Num daqueles dias, reparei, durante a aplicação de laser, na presença à minha frente de um valente cavalheiro para lá de idoso. Muito animado, ora cantarolava ele uma música, fazendo acompanhar-se dos pés, ora tamborilava com os dedos (das mãos) em cima do cartão de programação dos seus exercícios fisioterápicos.
Animei-me, então, a indagar, do pobre fisioterapeuta que me atendia, quem era aquela figura que aparentava já ter chegado, no barato, à glória dos seus 80 anos. Com surpresa, fiquei sabendo que ele recém fora promovido a noventinha! Bem, essa informação me foi passada pouco depois que ele, subrepticiamente, entrou num aposento destinado à realização de algum procedimento – honesto, assim supus. Mas, antes de entrar, ele reparou na minha “roupa” e aí nós nos cumprimentamos. Seu olá! foi sorridente e amigo.
A fisioterapeuta, encarregada da tarefa inglória de tentar aliviar as minhas mazelas, revelou-me, então, que todo mundo, na Ortosul, gostava dele, pois o mesmo estava sempre brincando com as funcionárias, inclusive, quando lhe dava na telha, azarando uma ou outra.
E mais descobri - o que me levou de volta à música referida no segundo parágrafo. O velhinho tocava violão! Talvez estivesse ele fazendo fisioterapia por ter adquirido uma LER, fruto da excessiva paixão que dedicava a esse instrumento. Essa hipótese, guardei-a para mim. Mas, de qualquer forma, tratava-se de uma pessoa admirável. O meu pai, que já contava, na época, 92 aninhos, certamente não era páreo pra ele. Ainda que continuasse a fazer o que mais gostava - simplesmente ler, este um esporte solitário e ainda visto como antipático neste país carnavalesco.

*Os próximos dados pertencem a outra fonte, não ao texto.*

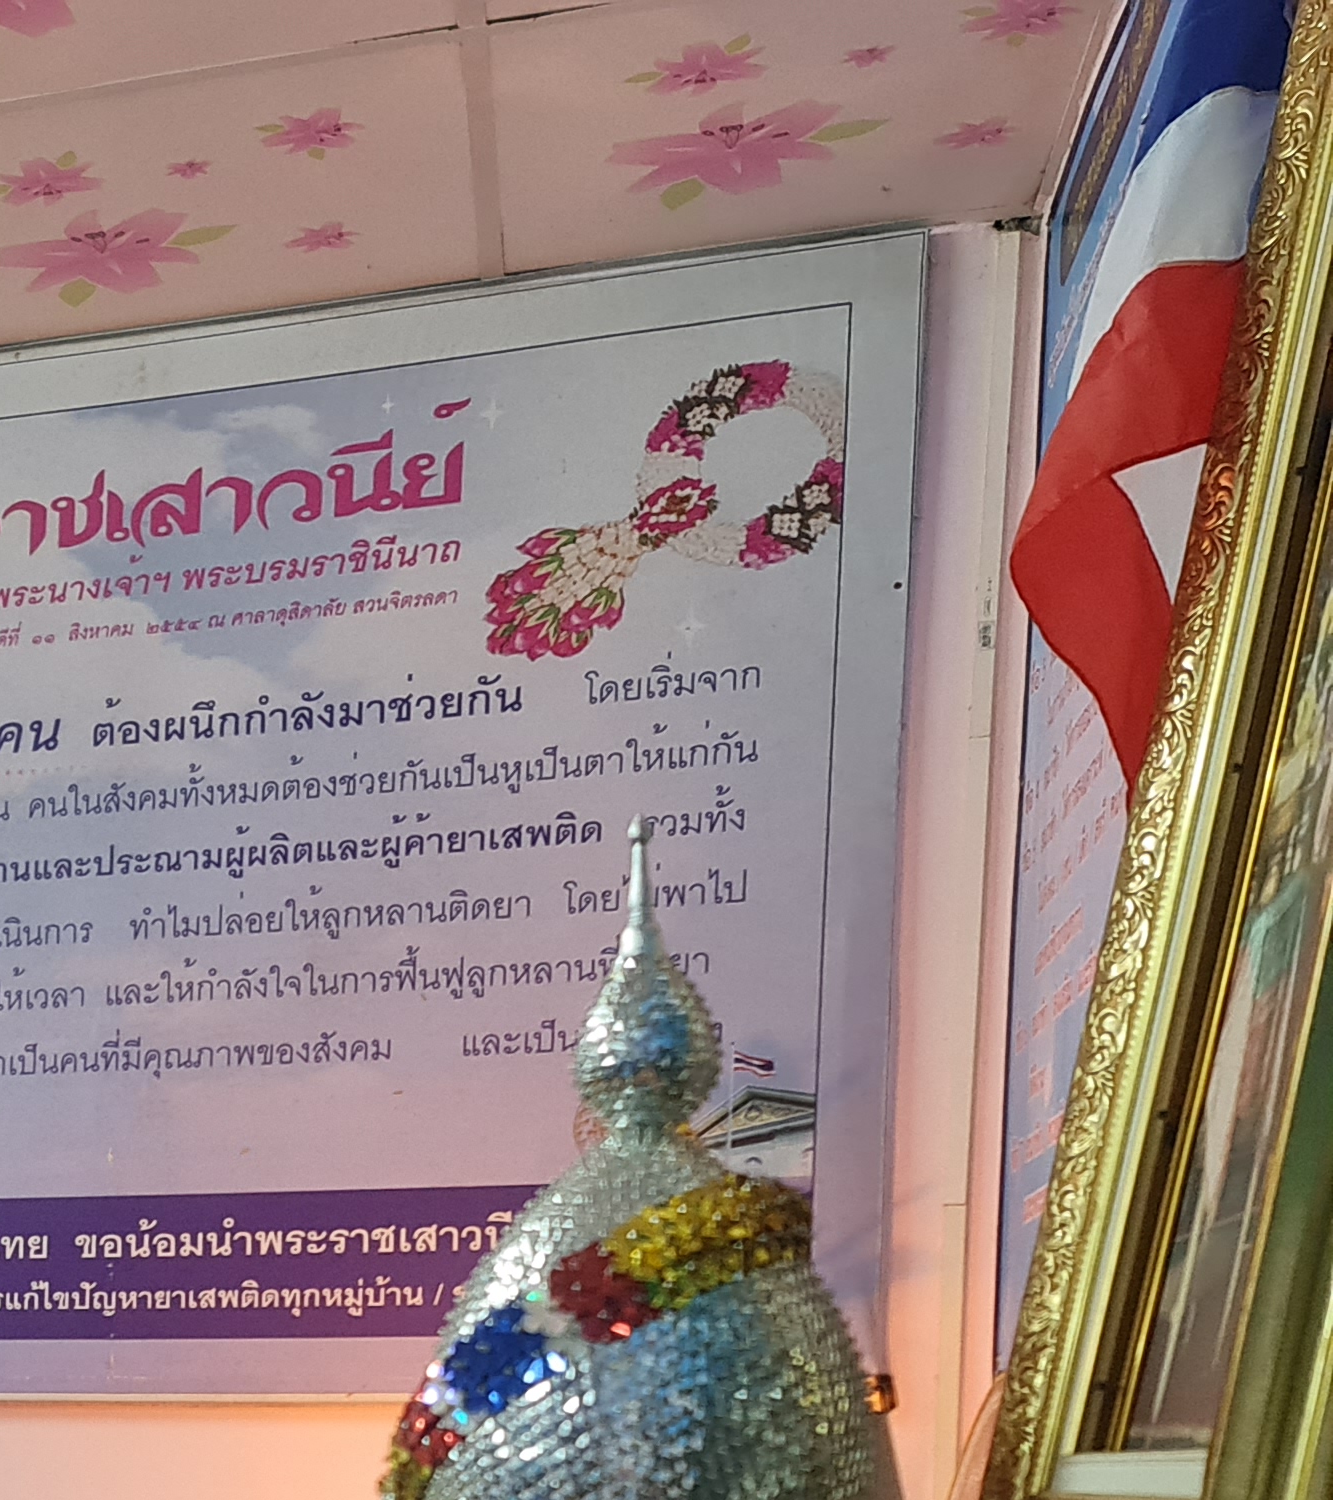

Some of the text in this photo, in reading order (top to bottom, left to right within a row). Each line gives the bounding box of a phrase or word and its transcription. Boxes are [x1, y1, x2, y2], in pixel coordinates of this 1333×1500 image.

Refazendo agora (antes tarde do que nunca) o raciocínio de Schopenhauer de trás para frente ou de baixo para cima - qual Marx fez com Hegel -, esse comportamento alegre e descontraído seria um indicador seguro de invejável saúde, pelo menos para a sua faixa etária (eu também gostaria de chegar lá!).
Óbvia, essa conclusão, não? Difícil é manter o bom humor quando se leva uma pedrada por dia na cabeça ou quando a bruxa não cessa de morder, desavergonhadamente, o nosso traseiro dia sim, dia também. Mas há quem consiga – os iluminados! Alguém conheceu algum?? Me apresente, “please”!”please”!